Objective: To assess the relationship between HRQOL and outcomes in patients with pulmonary arterial hypertension.
Methods: Consecutive patients with right heart catheterization-proven pulmonary arterial hypertension who completed the Medical Outcomes Survey Short Form-36 survey (SF-36) were included. Demographic, clinical, physiological, and hemodynamic data were collected at baseline. Survival was assessed from the time of diagnosis of pulmonary arterial hypertension. Cox proportional hazard models were constructed to assess the relationship between HRQOL and transplant-free survival.
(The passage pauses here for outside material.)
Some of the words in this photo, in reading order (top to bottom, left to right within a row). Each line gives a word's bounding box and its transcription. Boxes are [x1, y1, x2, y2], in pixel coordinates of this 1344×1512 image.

Measurements and main results: Eighty-seven patients with pulmonary arterial hypertension were enrolled and followed prospectively for a median of 3.8 years. At baseline, HRQOL was significantly worse than U.S. normal values for six of eight domains of the SF-36. Several domains demonstrated moderate correlation (r value ≥ 0.40) with 6-minute-walk distance and World Health Organization functional class; there were no significant associations with hemodynamics. In univariable Cox proportional hazard models, six of eight domains and both summary scores were significantly associated with survival. In multivariable models, adjusted for age, disease type, and cardiac function, these relationships largely persisted.
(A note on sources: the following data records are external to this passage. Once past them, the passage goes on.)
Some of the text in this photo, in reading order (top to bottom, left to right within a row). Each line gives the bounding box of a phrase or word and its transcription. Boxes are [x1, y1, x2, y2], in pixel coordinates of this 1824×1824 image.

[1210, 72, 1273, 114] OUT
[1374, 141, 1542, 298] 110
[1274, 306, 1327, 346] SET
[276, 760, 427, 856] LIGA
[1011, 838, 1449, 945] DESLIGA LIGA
Conclusions: In this cohort of patients with pulmonary arterial hypertension, HRQOL, as assessed by the SF-36, was strongly associated with transplant-free survival. These relationships persisted when controlling for potential confounders such as disease type and disease severity. These findings suggest that HRQOL may be an important predictor of outcomes in pulmonary arterial hypertension and therefore a target for future therapeutic interventions.
Keywords: outcomes; pulmonary hypertension; quality of life.